START Supplied records

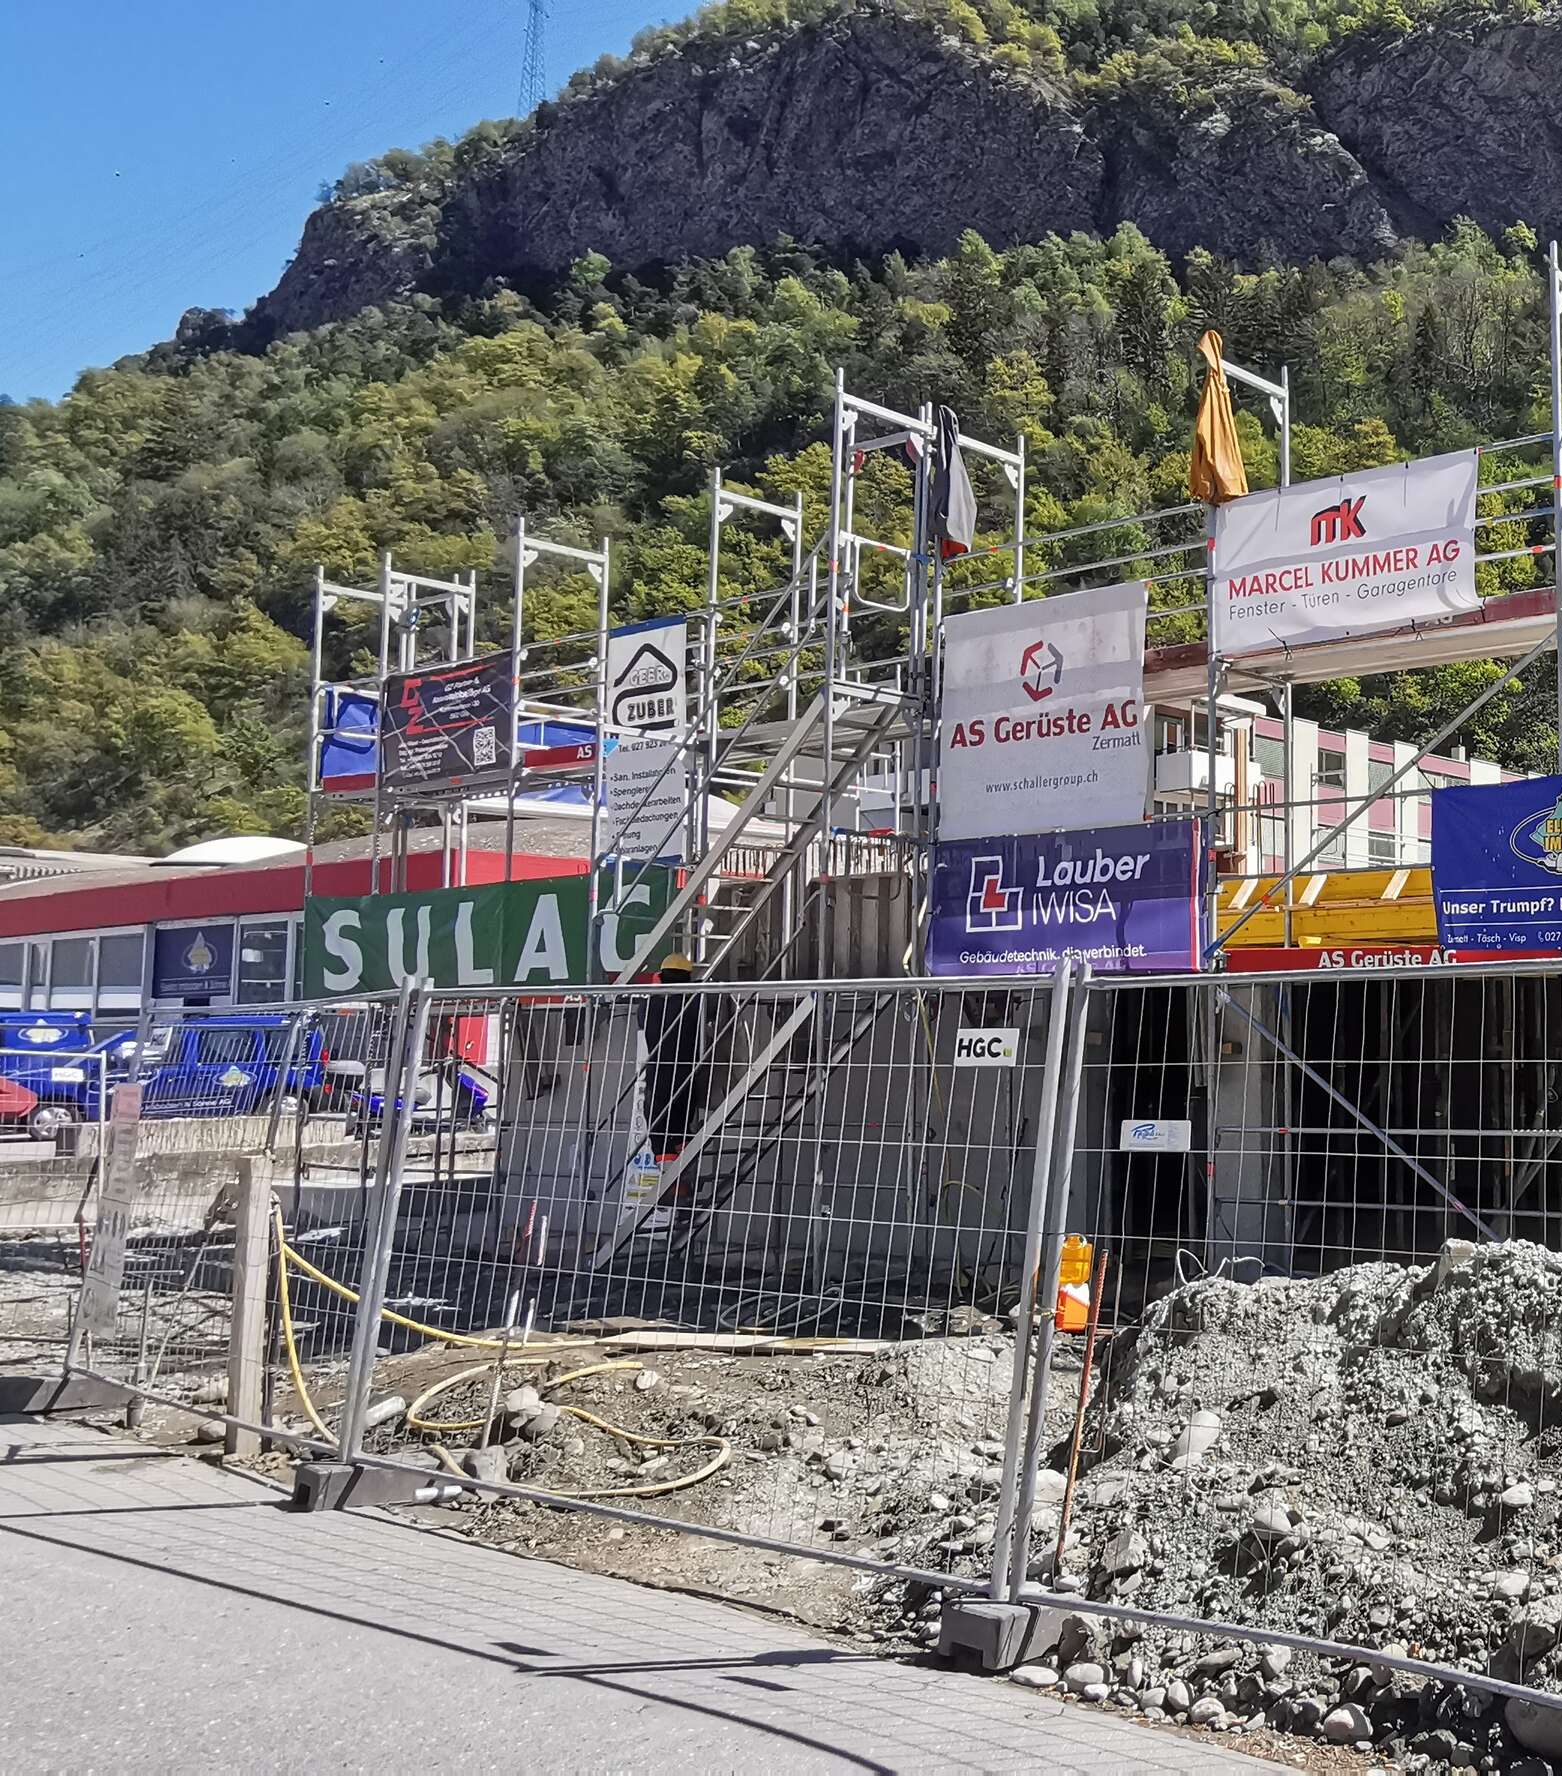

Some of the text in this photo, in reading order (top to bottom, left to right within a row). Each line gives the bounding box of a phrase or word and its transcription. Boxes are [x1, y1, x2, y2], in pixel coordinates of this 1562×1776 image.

[1229, 539, 1460, 600] MARCEL KUMMER AG
[1230, 600, 1286, 620] Fenster
[1301, 592, 1339, 609] Türen
[1357, 569, 1457, 600] Garagentore
[627, 697, 675, 722] ZUBER
[950, 699, 1138, 749] AS Gerüste AG
[576, 744, 593, 760] AS
[1092, 731, 1141, 750] Zermatt
[986, 769, 1099, 793] www.schallergroup.ch
[1036, 848, 1151, 887] Lauber
[1032, 888, 1117, 925] IWISA
[1442, 900, 1487, 915] Unser
[1490, 897, 1555, 916] Trumpf?
[322, 884, 653, 991] SULAG
[1477, 932, 1501, 943] Täsch
[1508, 932, 1527, 944] Visp
[1544, 931, 1561, 942] 027
[1318, 949, 1457, 968] AS Gerüste AG
[957, 1036, 1003, 1058] HGC
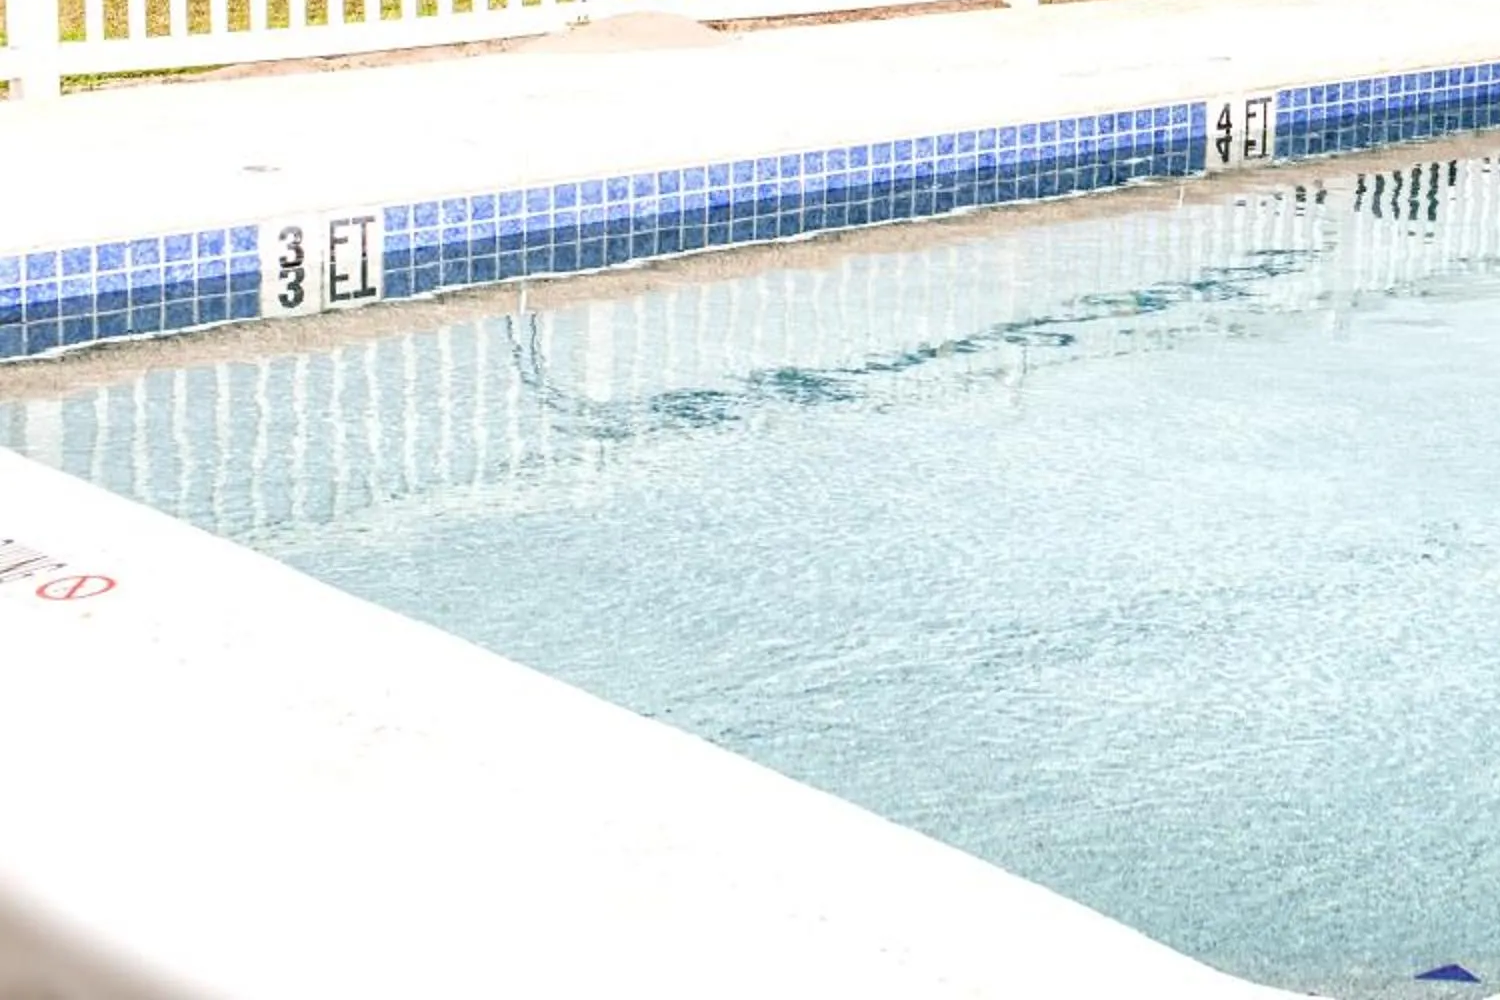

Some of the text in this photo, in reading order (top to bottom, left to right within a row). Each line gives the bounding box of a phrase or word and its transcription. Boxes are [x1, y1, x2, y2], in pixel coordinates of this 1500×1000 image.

[1216, 97, 1272, 136] 4 FT
[278, 216, 376, 269] 3 FT
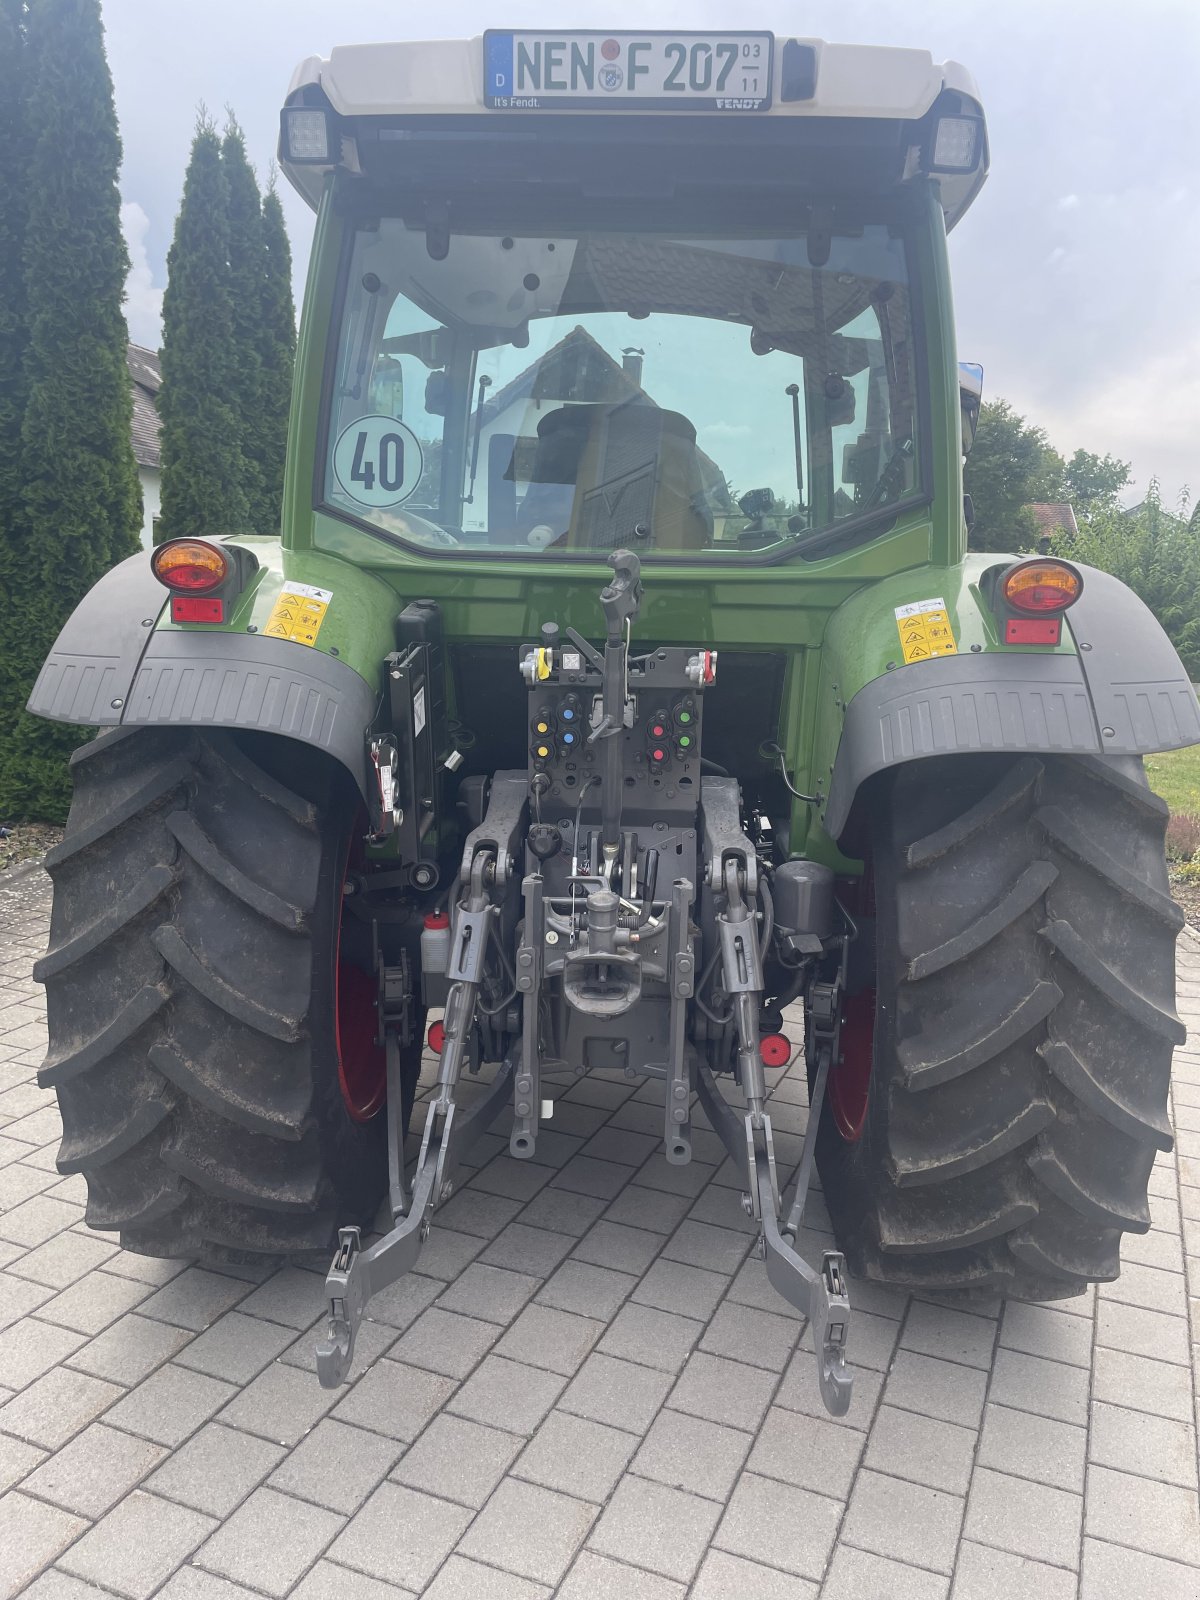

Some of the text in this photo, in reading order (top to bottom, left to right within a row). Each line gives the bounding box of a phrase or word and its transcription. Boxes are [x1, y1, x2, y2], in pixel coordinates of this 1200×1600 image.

[742, 43, 761, 58] 03
[517, 41, 739, 92] NEN F 207
[495, 73, 505, 87] D
[742, 78, 758, 92] 11
[494, 97, 508, 107] It's
[716, 98, 763, 110] FENDT
[350, 431, 405, 492] 40
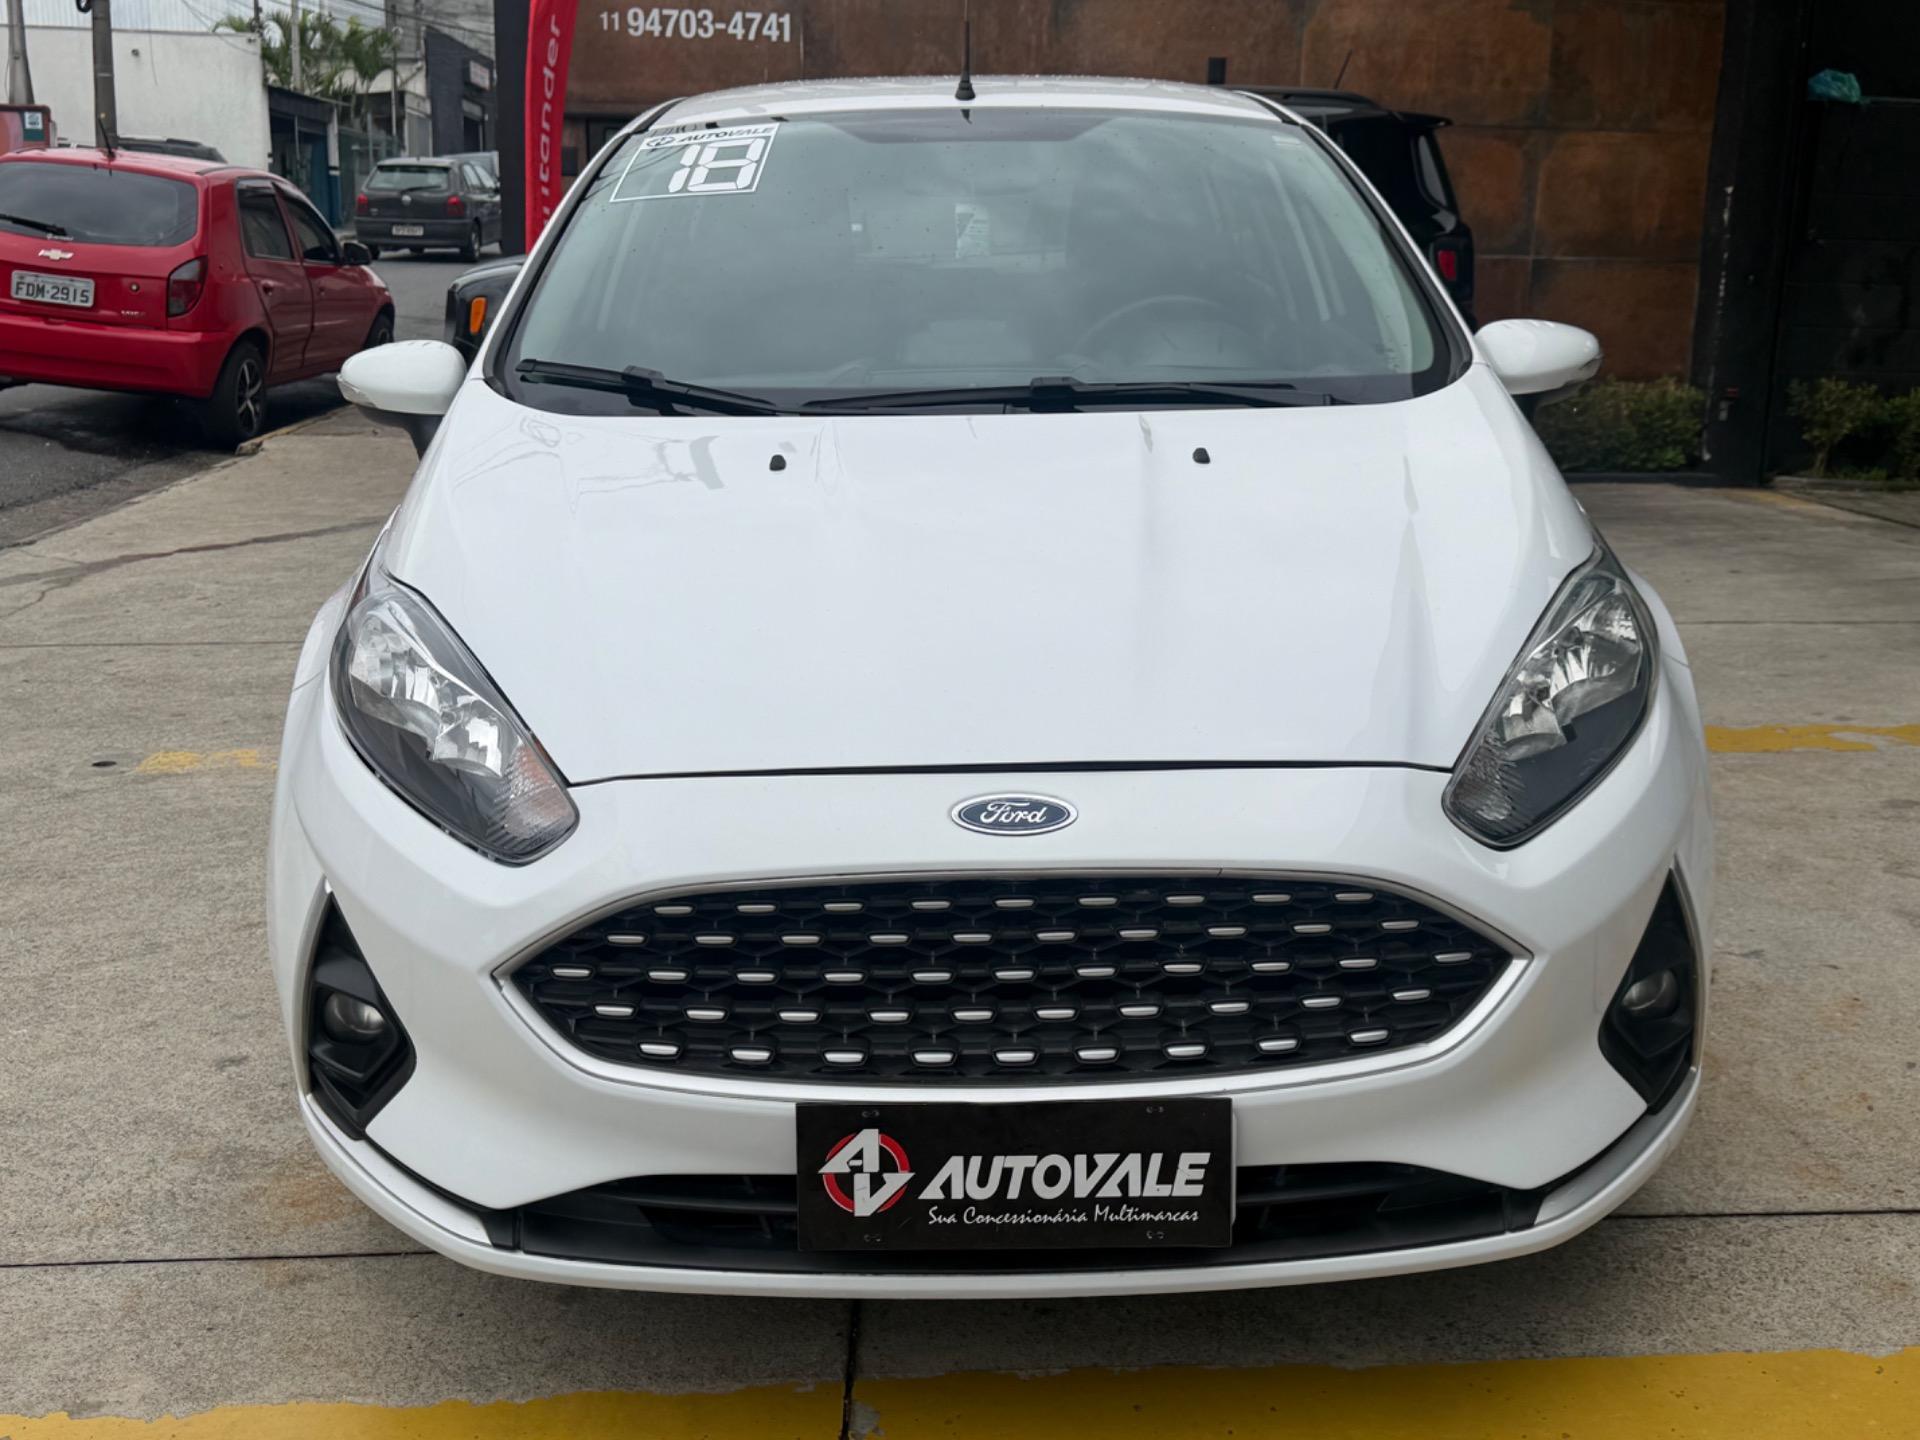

END Supplied records

* _Exercise description_: Each line above is to be transcribed exactly, though its pictures are not.

* _Exercise answer_:
Some of the text in this photo, in reading order (top to bottom, left to right within a row). Each line gives the bounding box of a phrase or word and its transcription. Boxes are [x1, y1, x2, y2], in pixel coordinates of this 1562×1776 image.

[1229, 539, 1460, 600] MARCEL KUMMER AG
[1230, 600, 1286, 620] Fenster
[1301, 592, 1339, 609] Türen
[1357, 569, 1457, 600] Garagentore
[627, 697, 675, 722] ZUBER
[950, 699, 1138, 749] AS Gerüste AG
[576, 744, 593, 760] AS
[1092, 731, 1141, 750] Zermatt
[986, 769, 1099, 793] www.schallergroup.ch
[1036, 848, 1151, 887] Lauber
[1032, 888, 1117, 925] IWISA
[1442, 900, 1487, 915] Unser
[1490, 897, 1555, 916] Trumpf?
[322, 884, 653, 991] SULAG
[1477, 932, 1501, 943] Täsch
[1508, 932, 1527, 944] Visp
[1544, 931, 1561, 942] 027
[1318, 949, 1457, 968] AS Gerüste AG
[957, 1036, 1003, 1058] HGC

Some of the text in this photo, in reading order (top to bottom, left to right within a row). Each line gives the bounding box of a phrase or word and its transcription. Boxes are [x1, y1, x2, y2], in pixel coordinates of this 1500×1000 image.

[1216, 97, 1272, 136] 4 FT
[278, 216, 376, 269] 3 FT

Some of the text in this photo, in reading order (top to bottom, left to right within a row). Each line gives the bounding box of a phrase or word and its transcription. Boxes are [x1, y1, x2, y2], in pixel coordinates of this 1200×1600 image.

[742, 43, 761, 58] 03
[517, 41, 739, 92] NEN F 207
[495, 73, 505, 87] D
[742, 78, 758, 92] 11
[494, 97, 508, 107] It's
[716, 98, 763, 110] FENDT
[350, 431, 405, 492] 40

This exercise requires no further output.